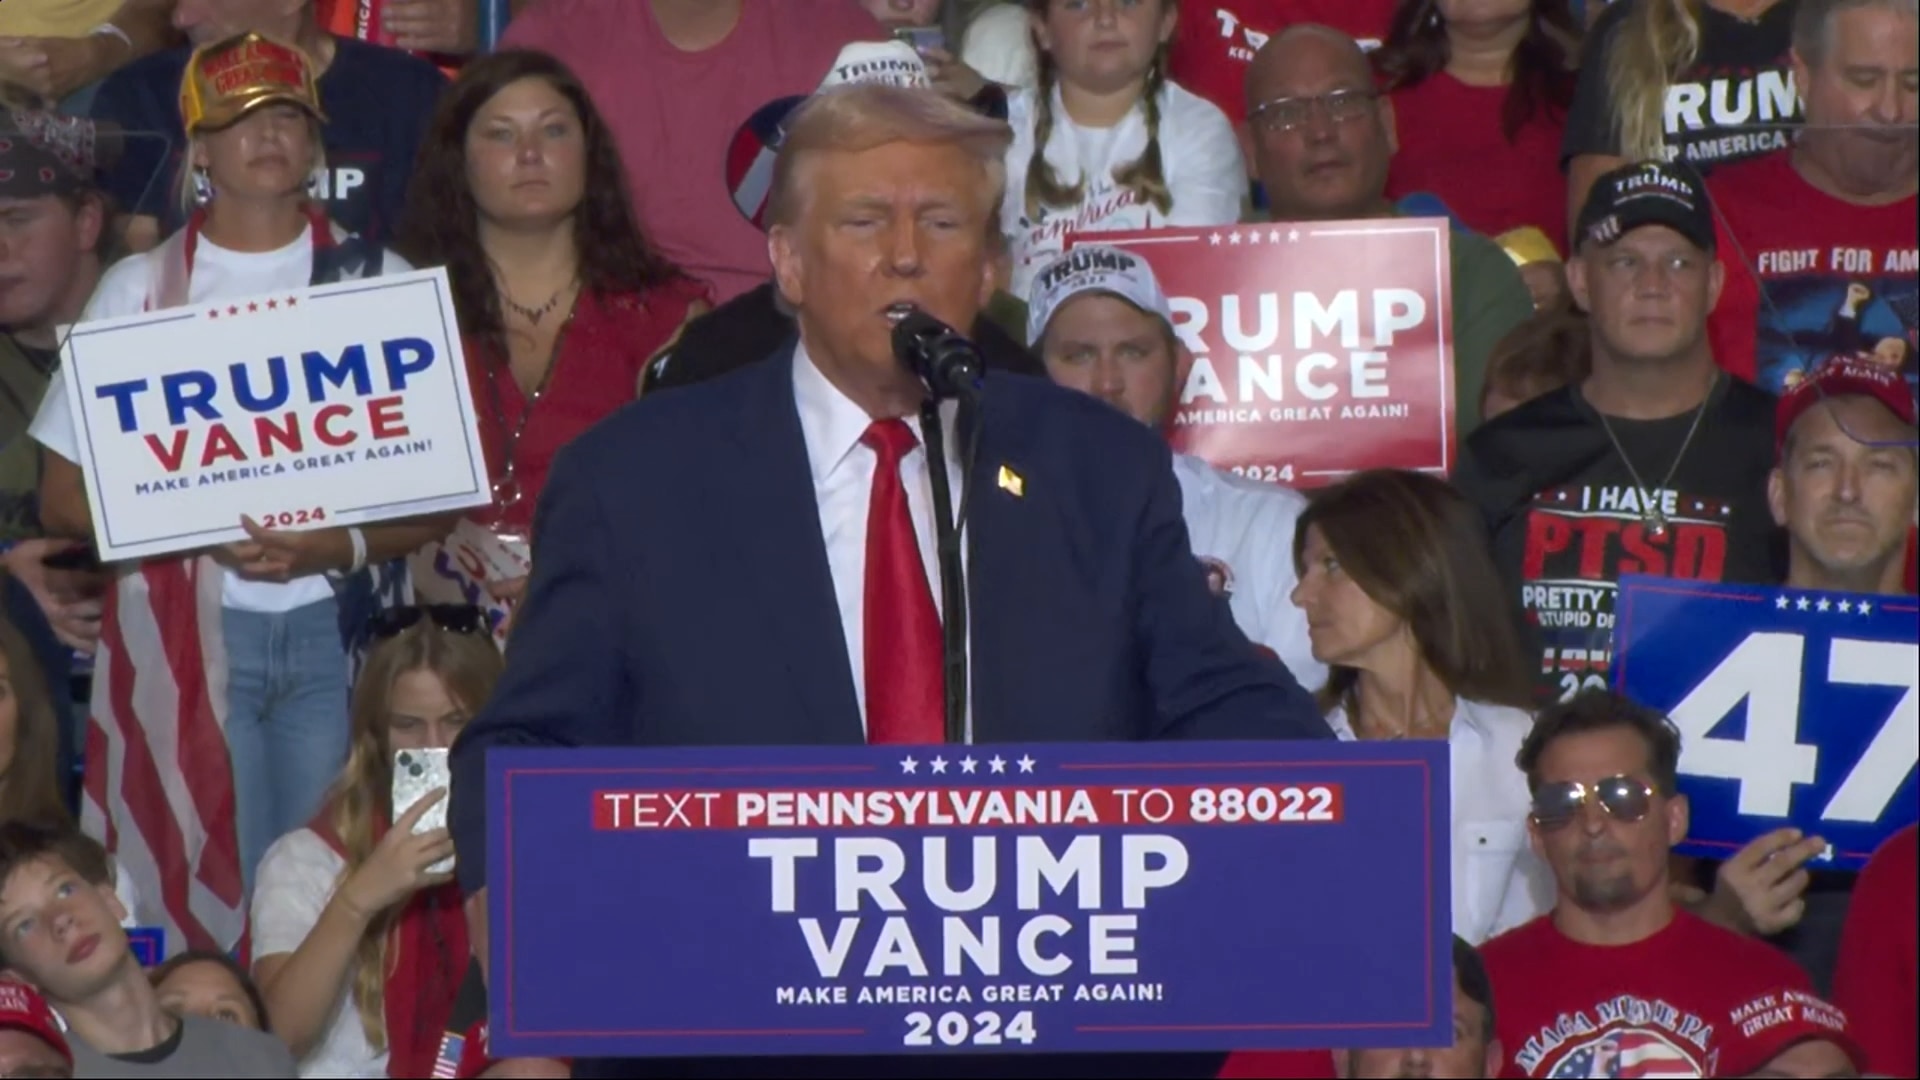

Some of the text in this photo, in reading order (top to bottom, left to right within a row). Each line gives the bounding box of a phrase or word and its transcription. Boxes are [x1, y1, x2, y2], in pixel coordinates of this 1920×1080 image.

[357, 0, 371, 40] RICA
[1664, 70, 1806, 134] RUM
[1686, 130, 1787, 162] AMERICA
[1614, 166, 1694, 196] TRUMP
[1040, 248, 1136, 291] TRUMP
[1758, 247, 1919, 274] FIGHT FOR AM
[1167, 288, 1427, 353] RUMP
[95, 337, 436, 433] TRUMP
[1180, 351, 1390, 405] ANCE
[143, 395, 410, 473] VANCE
[1174, 403, 1410, 425] AMERICA GREAT AGAIN!
[135, 439, 434, 496] MAKE AMERICA GREAT AGAIN!
[262, 506, 327, 529] 2024
[1582, 485, 1679, 514] I HAVE
[1522, 509, 1727, 583] PTSD
[1522, 585, 1605, 611] PRETTY
[1536, 610, 1591, 628] STUPID
[1664, 632, 1919, 823] 47
[604, 786, 1334, 828] TEXT PENNSYLVANIA TO 88022
[747, 834, 1190, 913] TRUMP
[797, 914, 1139, 978] VANCE
[775, 983, 1164, 1005] MAKE AMERICA GREAT AGAIN!
[1730, 994, 1776, 1026] MAKE
[903, 1009, 1037, 1047] 2024
[1742, 1005, 1845, 1038] GREAT AGAIN
[1515, 1012, 1596, 1077] MAGA

_TASK INSTRUCTIONS_:
Output all the data above verbatim, leaving out images.

_ANSWER FOR THIS EXERCISE_:
Some of the text in this photo, in reading order (top to bottom, left to right within a row). Each line gives the bounding box of a phrase or word and its transcription. Boxes are [x1, y1, x2, y2], in pixel coordinates of this 1920×1080 image.

[357, 0, 371, 40] RICA
[1664, 70, 1806, 134] RUM
[1686, 130, 1787, 162] AMERICA
[1614, 166, 1694, 196] TRUMP
[1040, 248, 1136, 291] TRUMP
[1758, 247, 1919, 274] FIGHT FOR AM
[1167, 288, 1427, 353] RUMP
[95, 337, 436, 433] TRUMP
[1180, 351, 1390, 405] ANCE
[143, 395, 410, 473] VANCE
[1174, 403, 1410, 425] AMERICA GREAT AGAIN!
[135, 439, 434, 496] MAKE AMERICA GREAT AGAIN!
[262, 506, 327, 529] 2024
[1582, 485, 1679, 514] I HAVE
[1522, 509, 1727, 583] PTSD
[1522, 585, 1605, 611] PRETTY
[1536, 610, 1591, 628] STUPID
[1664, 632, 1919, 823] 47
[604, 786, 1334, 828] TEXT PENNSYLVANIA TO 88022
[747, 834, 1190, 913] TRUMP
[797, 914, 1139, 978] VANCE
[775, 983, 1164, 1005] MAKE AMERICA GREAT AGAIN!
[1730, 994, 1776, 1026] MAKE
[903, 1009, 1037, 1047] 2024
[1742, 1005, 1845, 1038] GREAT AGAIN
[1515, 1012, 1596, 1077] MAGA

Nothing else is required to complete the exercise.